# Problem to work on:
Please repeat exactly the lines from the one containing "Some of the text" through the last line of the records below, leaving out any pictures.

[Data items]
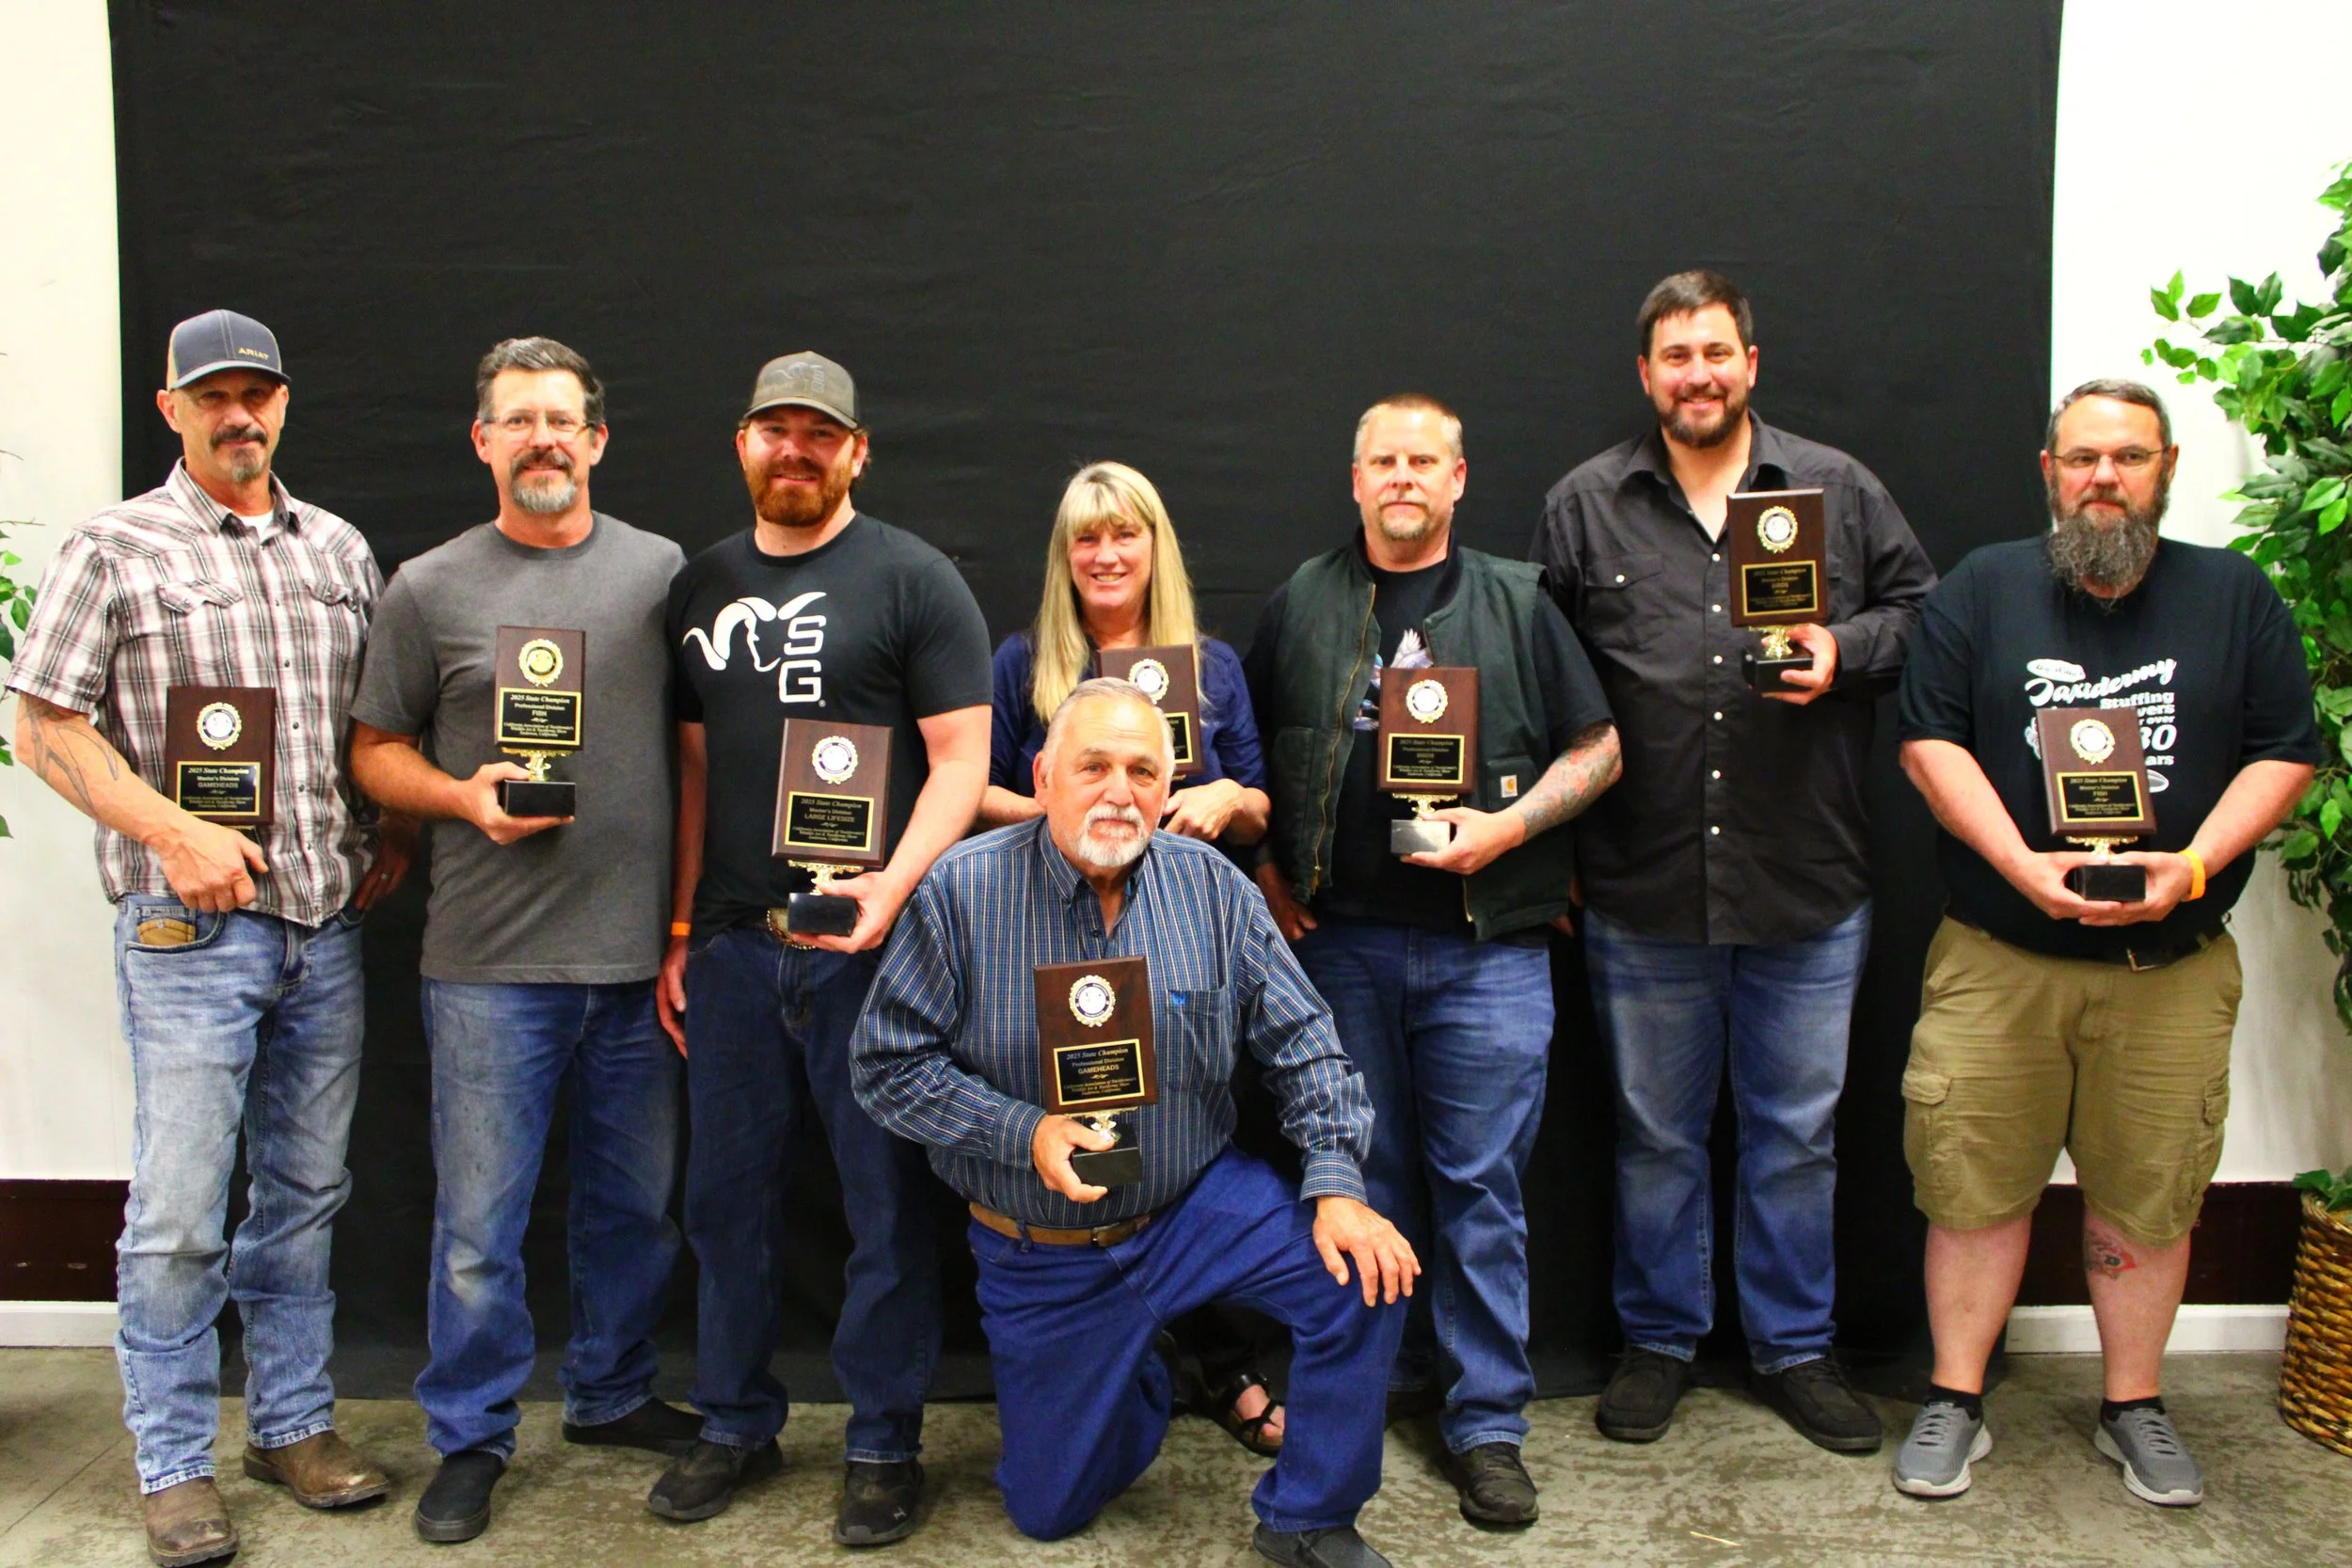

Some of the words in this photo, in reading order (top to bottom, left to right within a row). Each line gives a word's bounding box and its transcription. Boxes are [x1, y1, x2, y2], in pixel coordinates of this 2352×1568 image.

[238, 347, 269, 360] ARIAT
[2025, 658, 2177, 706] Taxidermy
[2100, 692, 2175, 709] Stuffing
[2146, 715, 2175, 724] over
[1098, 1048, 1129, 1056] Champion
[1078, 1065, 1120, 1074] GAMEHEADS
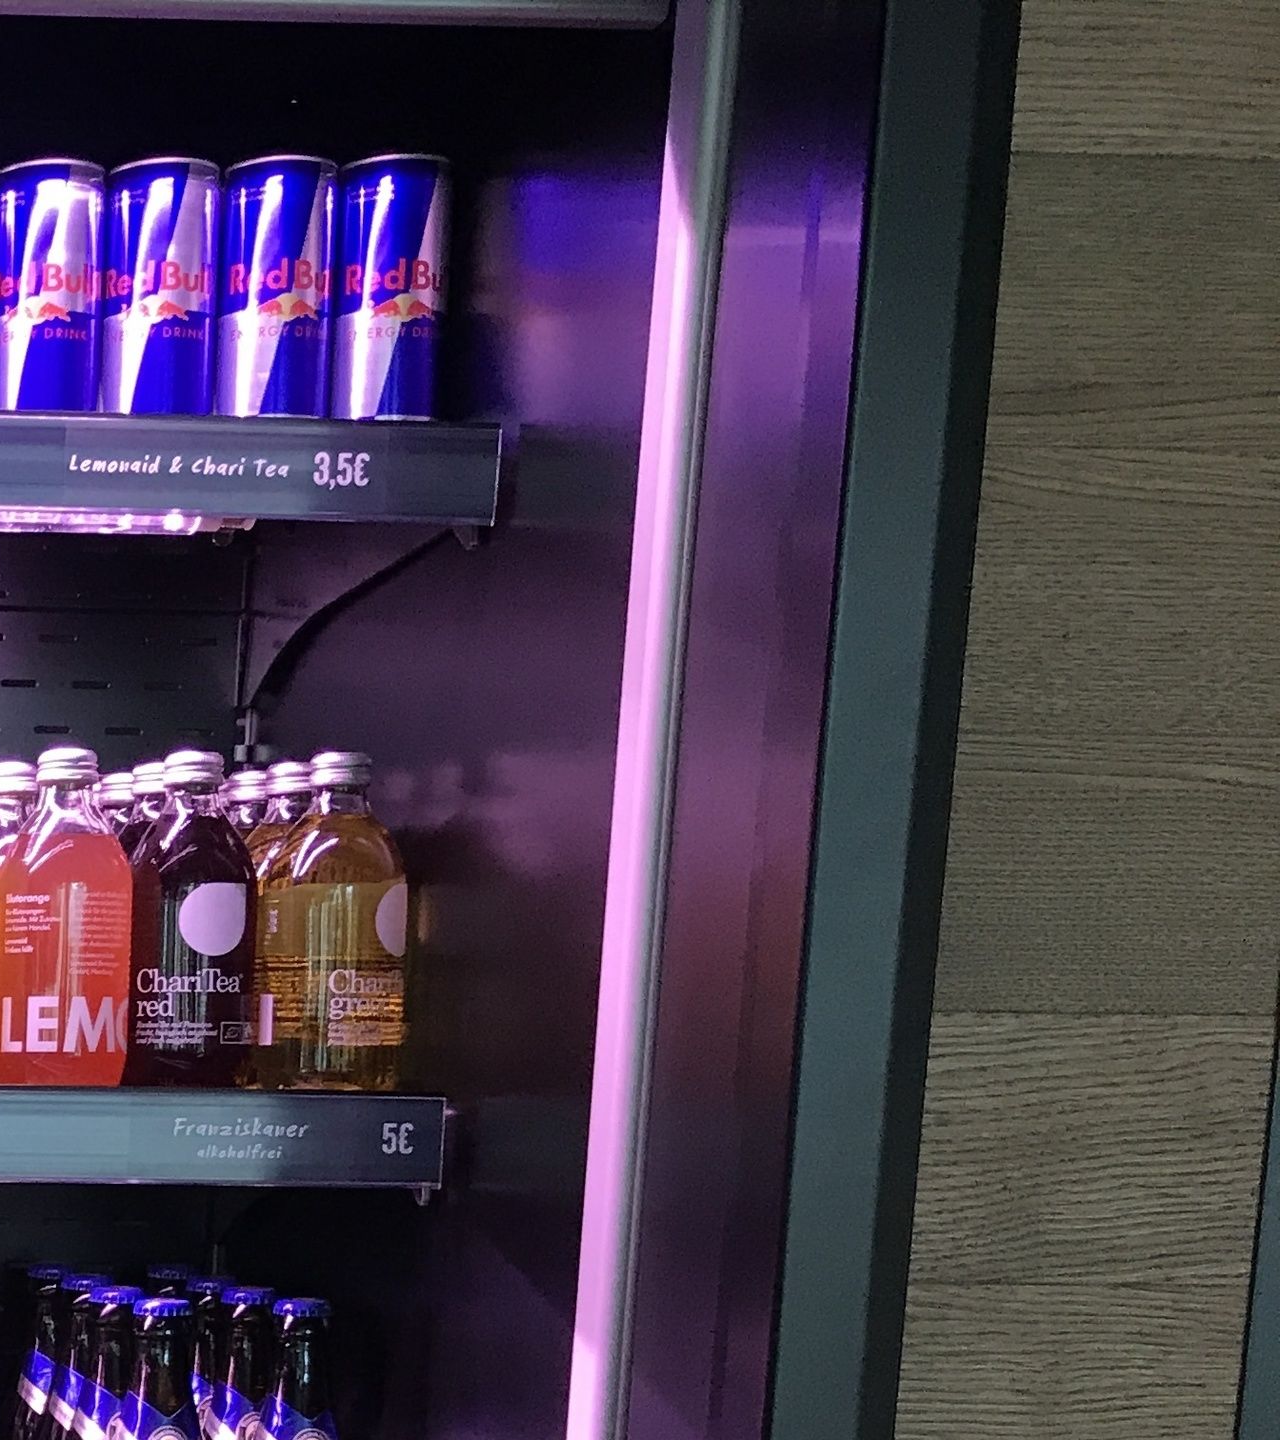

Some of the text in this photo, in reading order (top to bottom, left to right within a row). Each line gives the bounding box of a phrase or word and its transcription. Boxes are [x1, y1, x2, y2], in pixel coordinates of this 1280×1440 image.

[68, 452, 290, 479] Lemonaid & Chari Tea
[312, 452, 370, 490] 3,5€
[136, 968, 240, 993] ChariTea
[136, 992, 174, 1017] red
[172, 1117, 310, 1141] Franziskaner
[381, 1122, 415, 1156] 5€
[196, 1145, 284, 1161] alkoholfrei
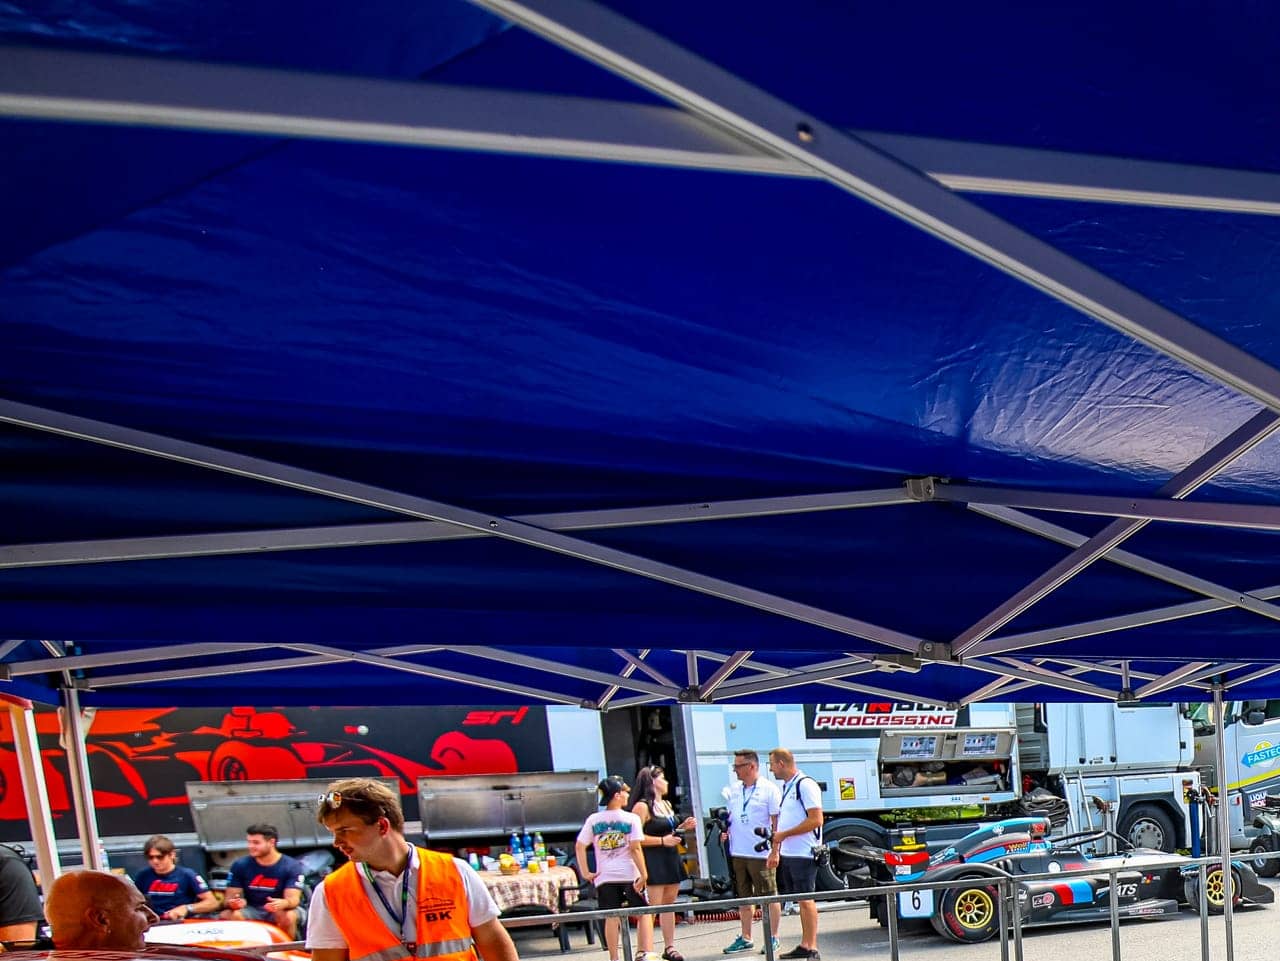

# Task output:
Some of the text in this photo, in reading order (top to bottom, left to right within a row). Each line gives the bounding box of a phrase or word and its transcription. Boxes are [x1, y1, x2, y2], in pixel coordinates of this 1280×1440 image.

[68, 452, 290, 479] Lemonaid & Chari Tea
[312, 452, 370, 490] 3,5€
[136, 968, 240, 993] ChariTea
[136, 992, 174, 1017] red
[172, 1117, 310, 1141] Franziskaner
[381, 1122, 415, 1156] 5€
[196, 1145, 284, 1161] alkoholfrei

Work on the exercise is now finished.